__What you will do__.
What you return must be the full data, repeated verbatim, with no pictures in it.

__Provided data__.
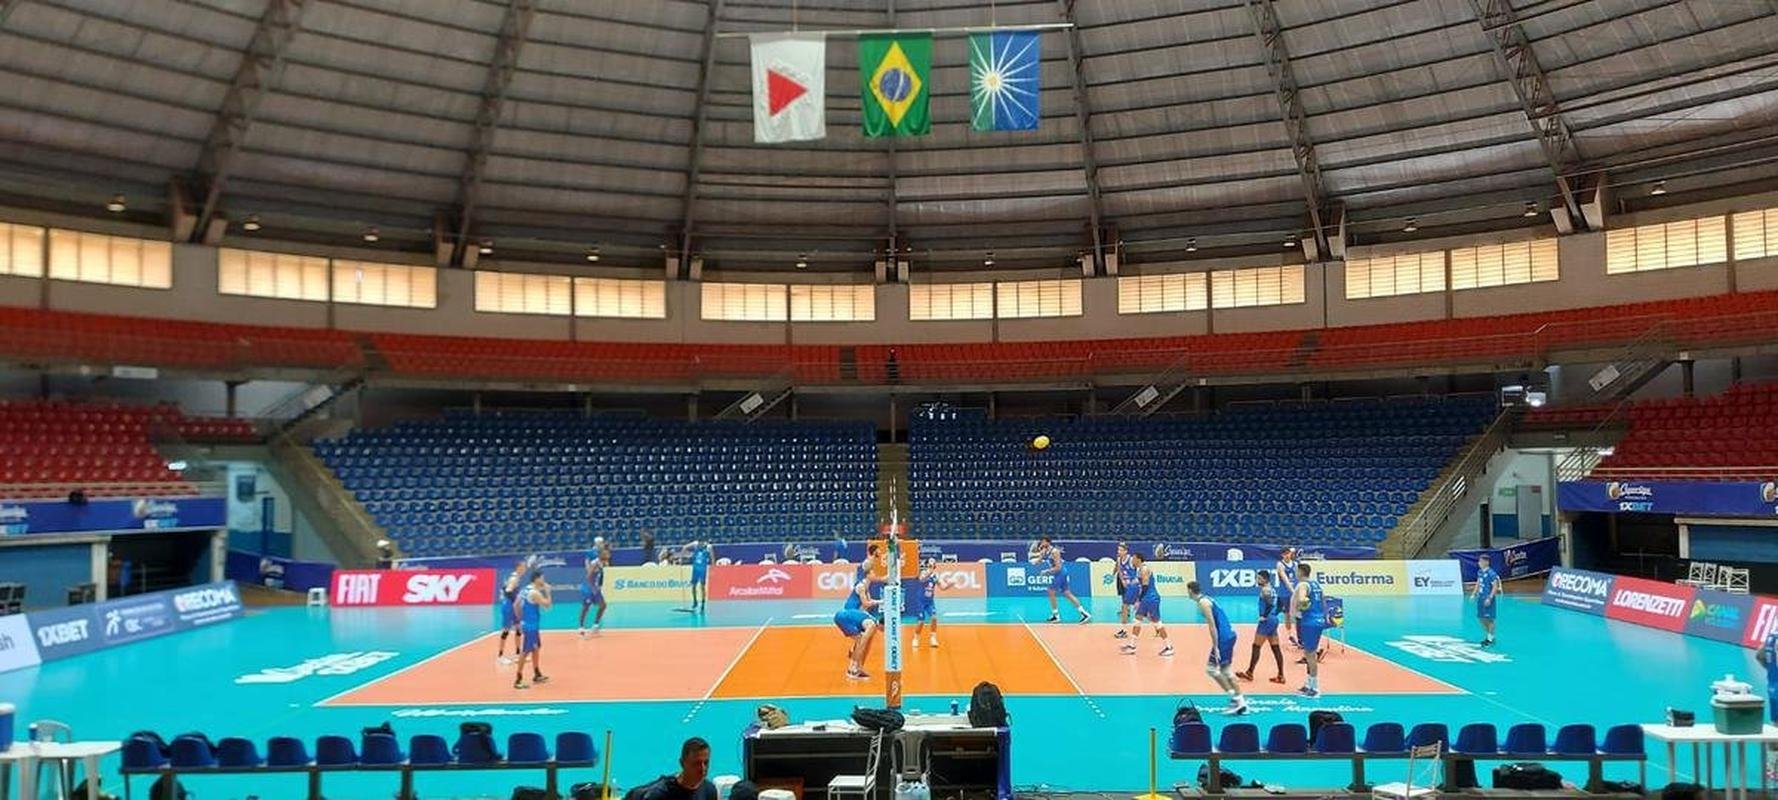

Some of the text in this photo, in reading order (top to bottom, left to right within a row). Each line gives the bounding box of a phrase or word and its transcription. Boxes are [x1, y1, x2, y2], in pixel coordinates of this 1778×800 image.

[336, 573, 381, 605] FIAT
[402, 573, 473, 603] SKY
[1210, 569, 1280, 587] 1XBT
[1316, 572, 1394, 585] Eurofarma
[1414, 577, 1430, 587] EY
[1612, 590, 1686, 618] LORENZETTI
[37, 619, 89, 648] 1XBET
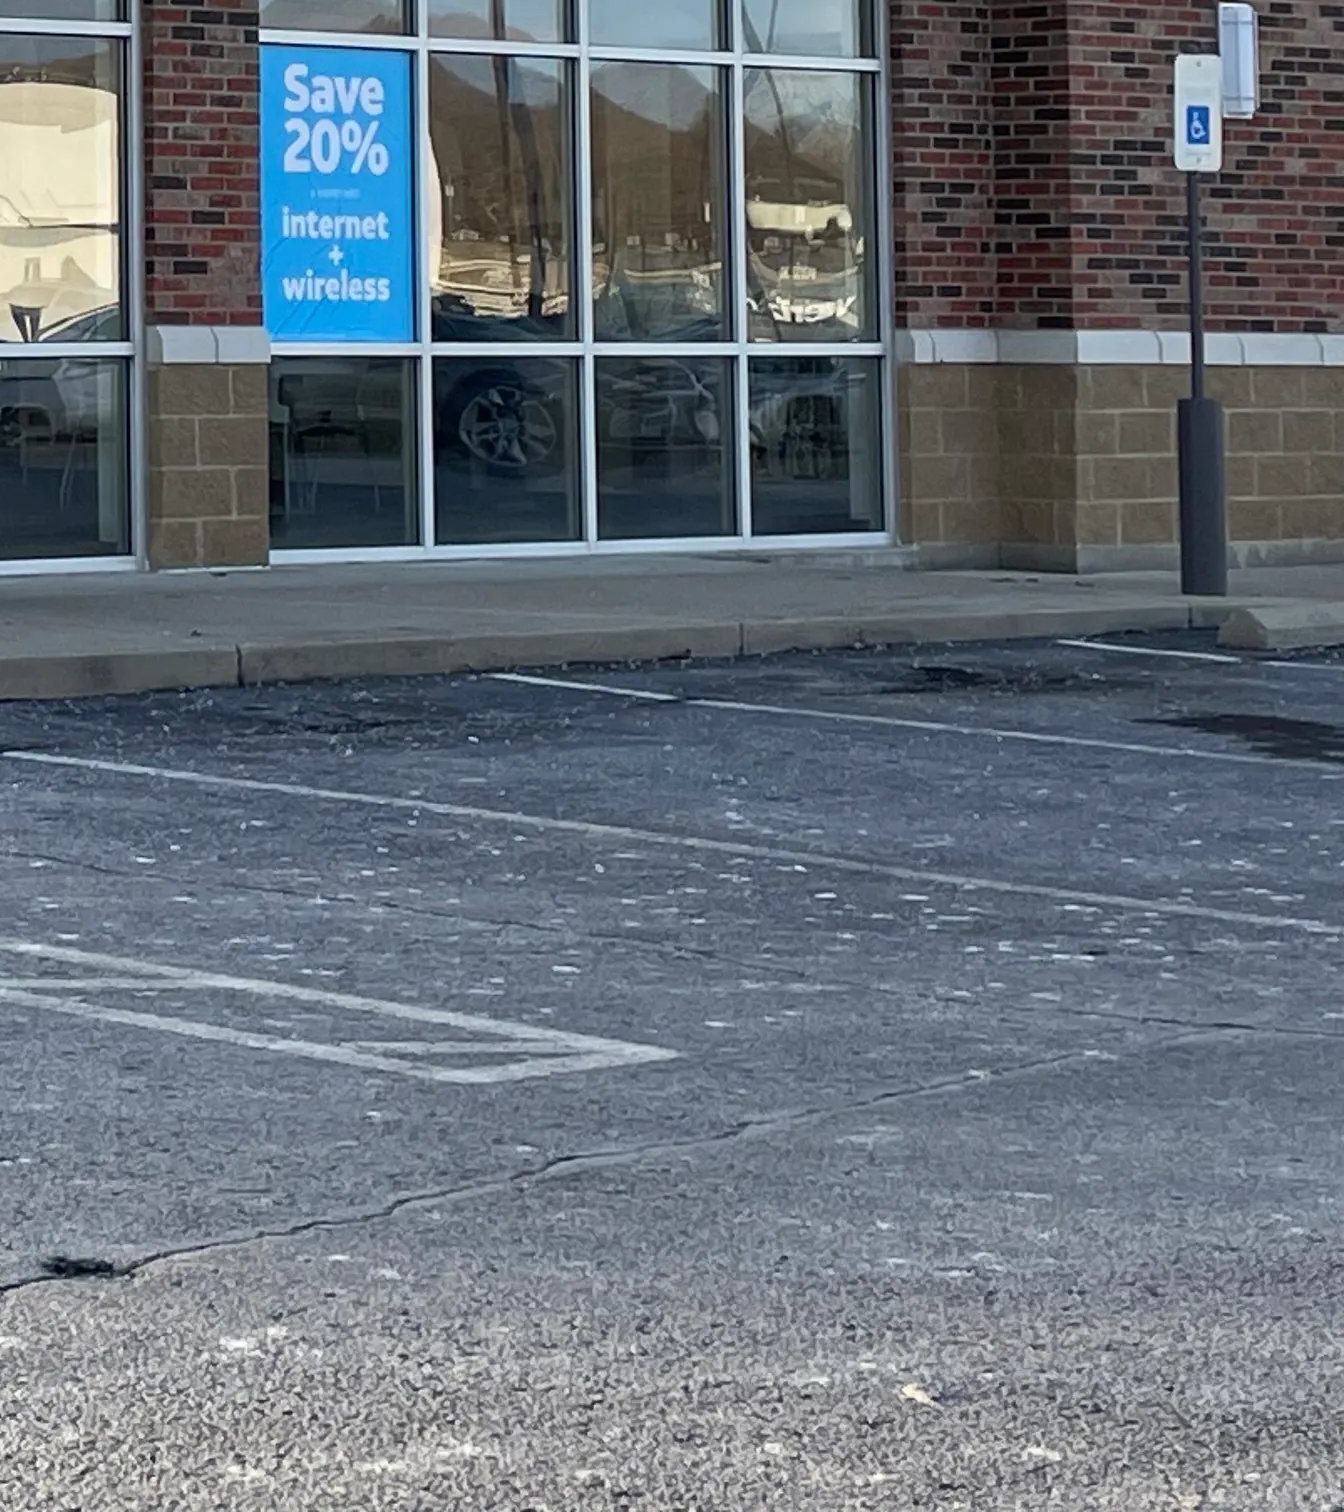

__Answer to this task__.
Some of the text in this photo, in reading order (top to bottom, left to right within a row). Each line gives the bounding box of a phrase or word and its transcription. Boxes are [x1, y1, x2, y2], in pixel coordinates of this 1778×800 image.

[336, 573, 381, 605] FIAT
[402, 573, 473, 603] SKY
[1210, 569, 1280, 587] 1XBT
[1316, 572, 1394, 585] Eurofarma
[1414, 577, 1430, 587] EY
[1612, 590, 1686, 618] LORENZETTI
[37, 619, 89, 648] 1XBET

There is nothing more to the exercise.